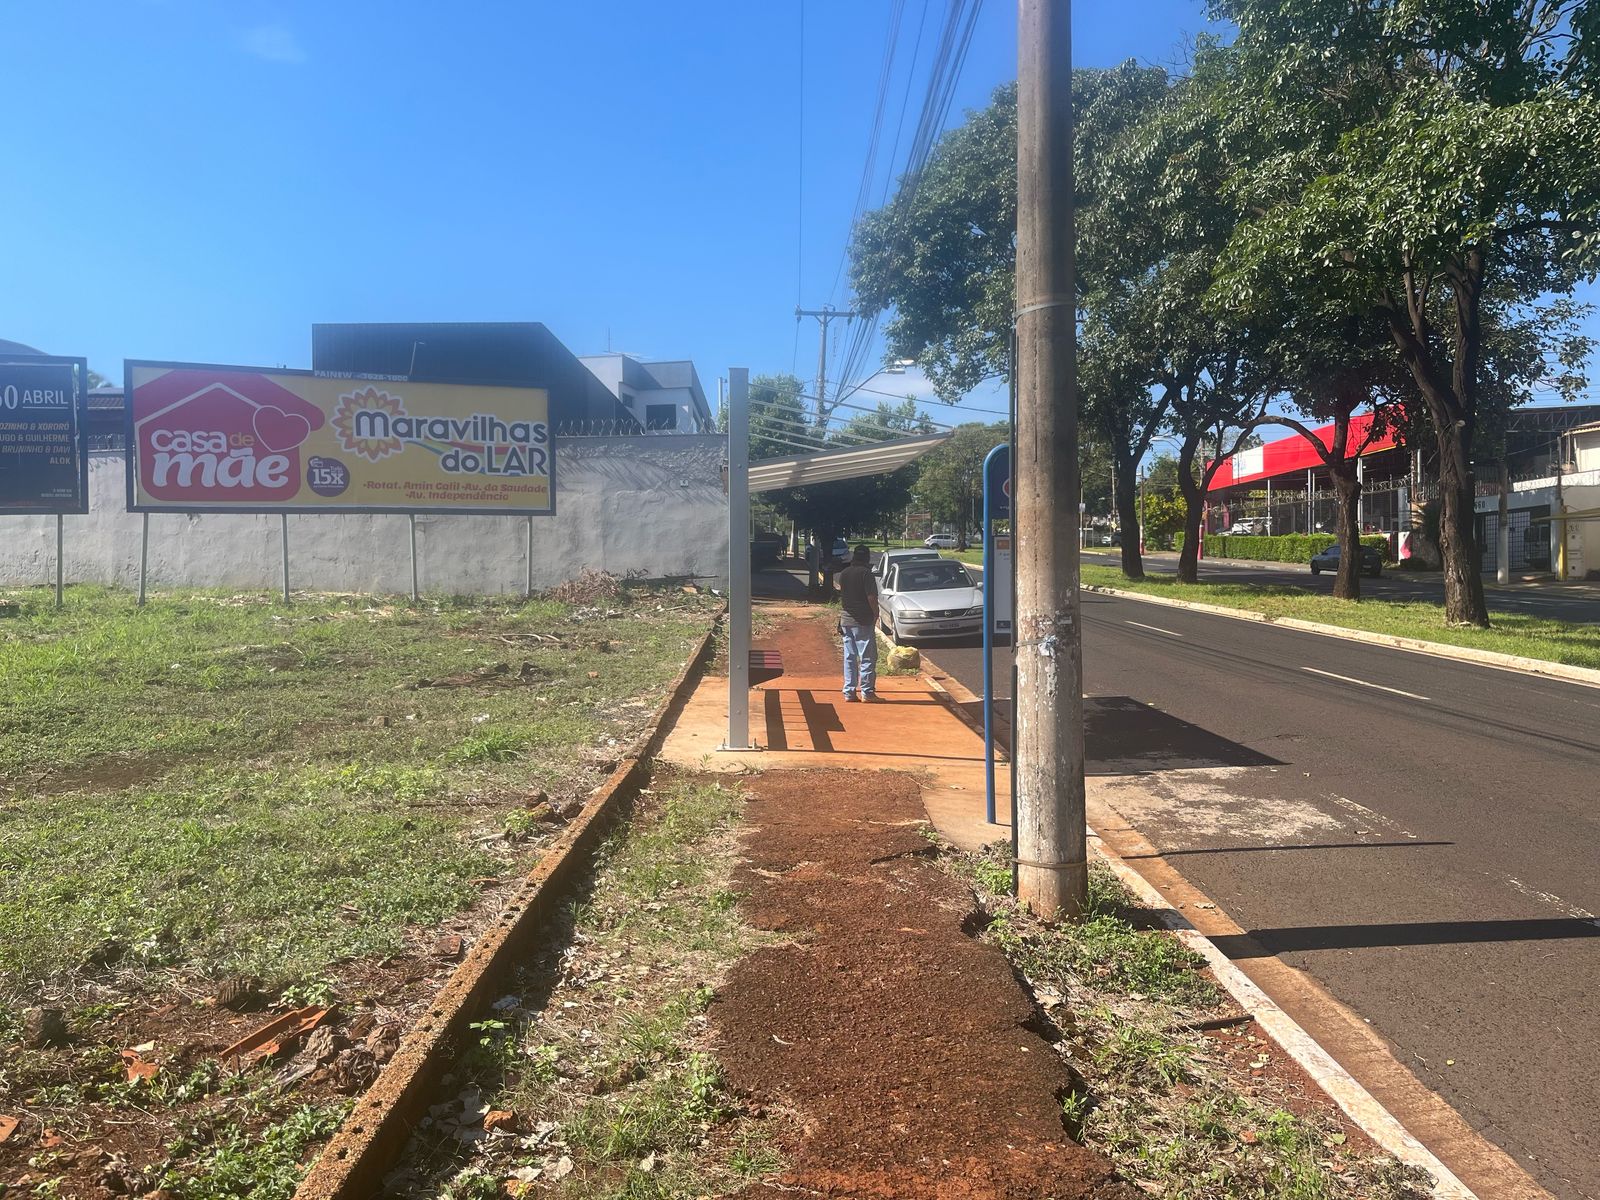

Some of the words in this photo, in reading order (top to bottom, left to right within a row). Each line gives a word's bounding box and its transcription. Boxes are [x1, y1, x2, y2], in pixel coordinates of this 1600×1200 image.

[23, 390, 68, 405] ABRIL
[355, 410, 548, 444] Maravilhas
[25, 434, 70, 443] GUILHERME
[151, 429, 228, 453] casa
[229, 432, 255, 447] de
[49, 457, 71, 465] ALOK
[441, 449, 480, 473] do
[487, 446, 548, 475] LAR
[153, 448, 290, 489] mãe
[403, 480, 433, 490] Amin
[484, 483, 498, 492] da
[500, 484, 548, 494] Saudade
[428, 491, 509, 501] Independência
+ + +
Aim of the exercise:
For every record above, repeat the text exactly and omit any picture.

Task solution:
Some of the words in this photo, in reading order (top to bottom, left to right within a row). Each line gives a word's bounding box and its transcription. Boxes are [x1, y1, x2, y2], in pixel coordinates of this 1600×1200 image.

[23, 390, 68, 405] ABRIL
[355, 410, 548, 444] Maravilhas
[25, 434, 70, 443] GUILHERME
[151, 429, 228, 453] casa
[229, 432, 255, 447] de
[49, 457, 71, 465] ALOK
[441, 449, 480, 473] do
[487, 446, 548, 475] LAR
[153, 448, 290, 489] mãe
[403, 480, 433, 490] Amin
[484, 483, 498, 492] da
[500, 484, 548, 494] Saudade
[428, 491, 509, 501] Independência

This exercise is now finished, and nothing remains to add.